The only variant from the above that would secure the ledger in the absence of full archival node is a strong subset of blockchain sharing nodes. In general, I think any effort to decrease the # of full copies of the ledger is dangerous, slippery slope territory.

I need to dive into @smooth's pruning methods. But whom I kidding. I'll barely understand it.

But ultimately, perhaps a good compromise solution would be to have varying levels of compression instead of outright data abandonment. So, you run a full archival node, nothings compressed. Full 500 gig blockchain, ready to go. You're the kind of peer that will be priority #1 when a new peer comes online and needs blocks.

All other variants then have varying levels of compression.
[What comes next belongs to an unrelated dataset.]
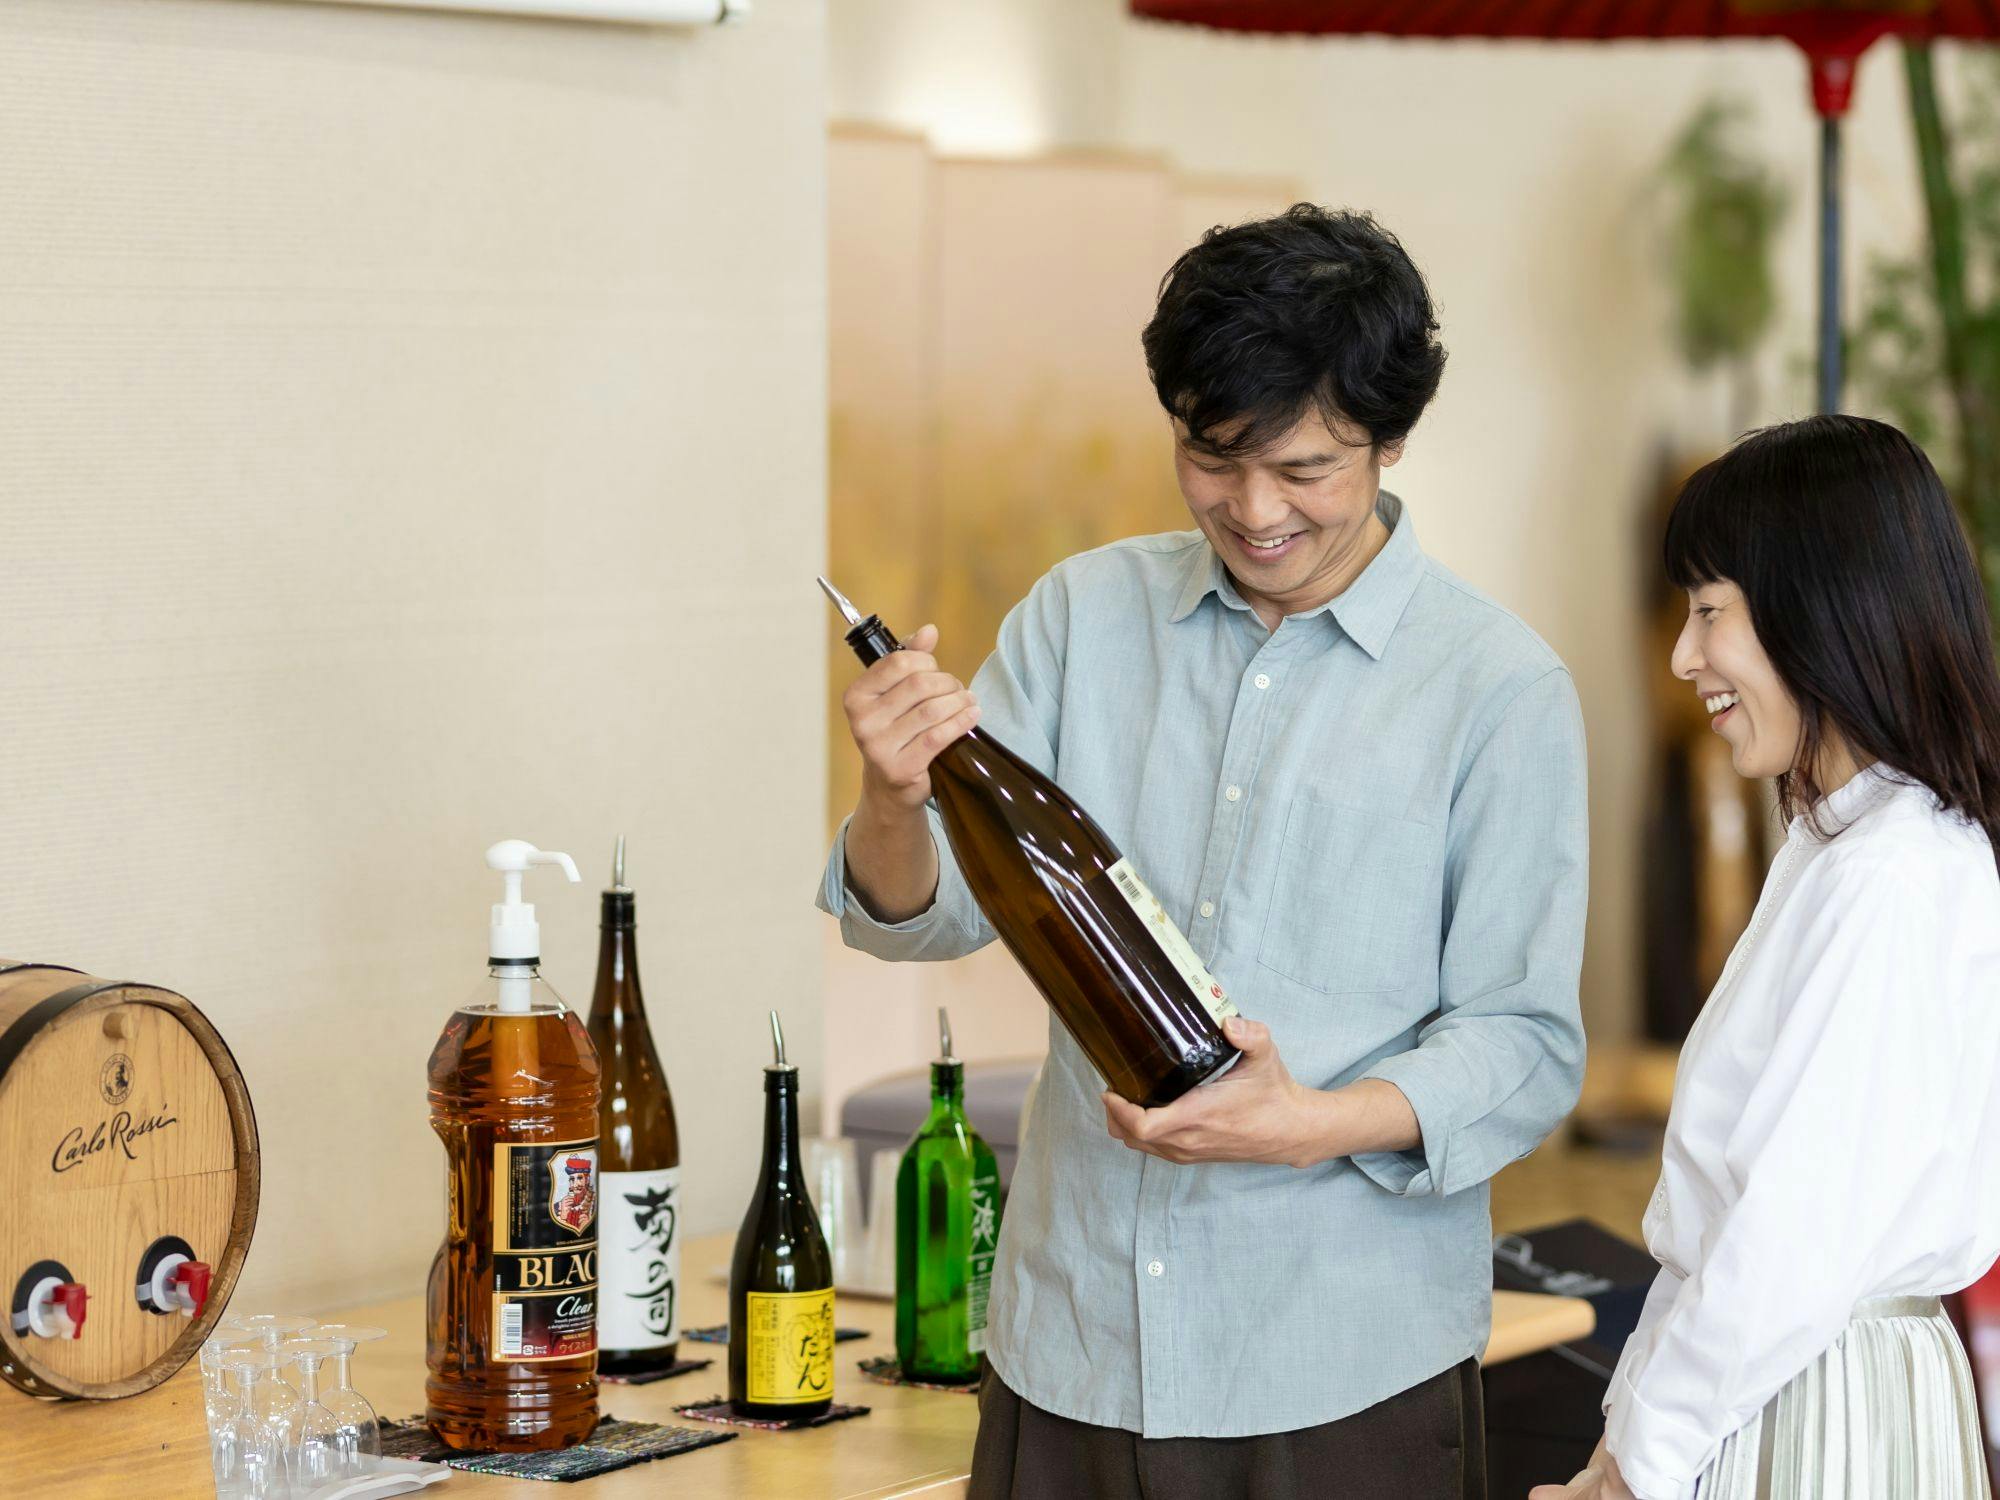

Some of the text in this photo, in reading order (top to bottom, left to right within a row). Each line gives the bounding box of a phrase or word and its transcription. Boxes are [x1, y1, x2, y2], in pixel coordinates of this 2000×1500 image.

[52, 1103, 177, 1173] Carlo Rossi
[556, 1296, 594, 1317] Clear
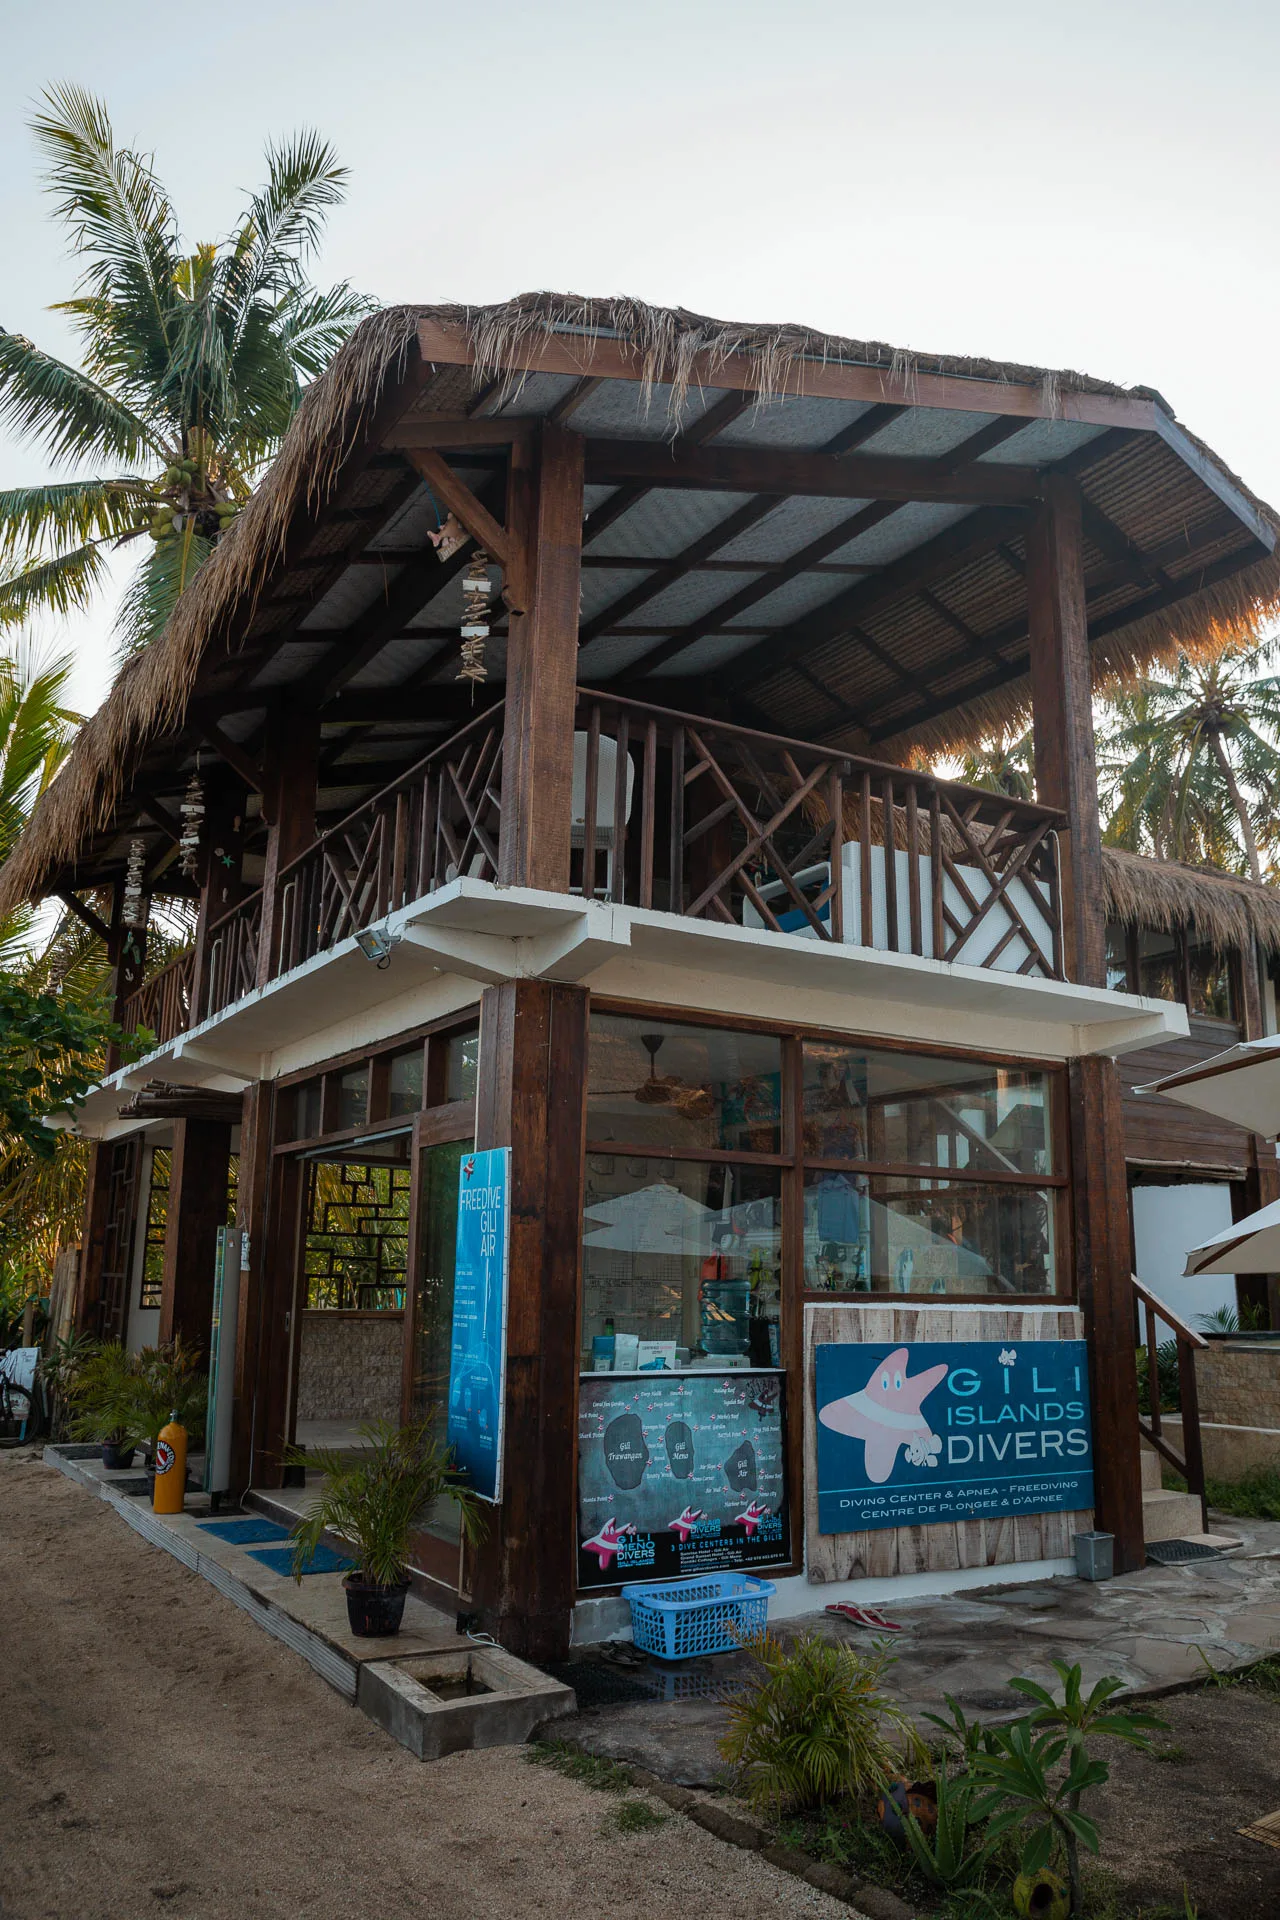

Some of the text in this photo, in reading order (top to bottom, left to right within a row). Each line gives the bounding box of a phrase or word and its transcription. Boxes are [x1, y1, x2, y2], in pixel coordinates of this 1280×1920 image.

Blockchain sharing node, 10% of the blockchain is uncompressed, the rest is tucked away in some CPU intensive compression algorithm. I know indexing of compressed files is possible - DNA sequencing software can retrieve data from compressed files without uncompressing them. This type of node is priority #2 for other peers.

Mining node - last n blocks are uncompressed.

etc., etc.

smooth edited 8 years ago Weight: -382 | Link [ - ]

We don't need to worry too much about this for quite some time. We can't do exactly the same kind of pruning as bitcoin because there is no TXO/UTXO distinction, but we can disable storing older transaction signatures on disk once they are verified, unless you want to be an archive node to serve blocks (in which case you can't prune bitcoin either). At this point you can still be a full node, verify transactions, mine, etc. The only thing you can't do as a non-archive node is serve old blocks to new users.

Signatures represent most of the size of transactions, and the remaining portion of transactions is encoded more compactly than Bitcoin, so this has largely the same practical effect as Bitcoin's pruning (disk storage requirements reduced drastically). In fact most of the transaction itself could also be dropped (other than the output keys and spent key images) but that difference is small enough not to worry about at first.

The various compromise modes you suggest are likely reasonable at some point in the future (such as the partial storage in particular), but the simplest distinction that is very useful and not particularly hard to implement is just archive nodes vs non-archive nodes, with the latter not needing to store signatures.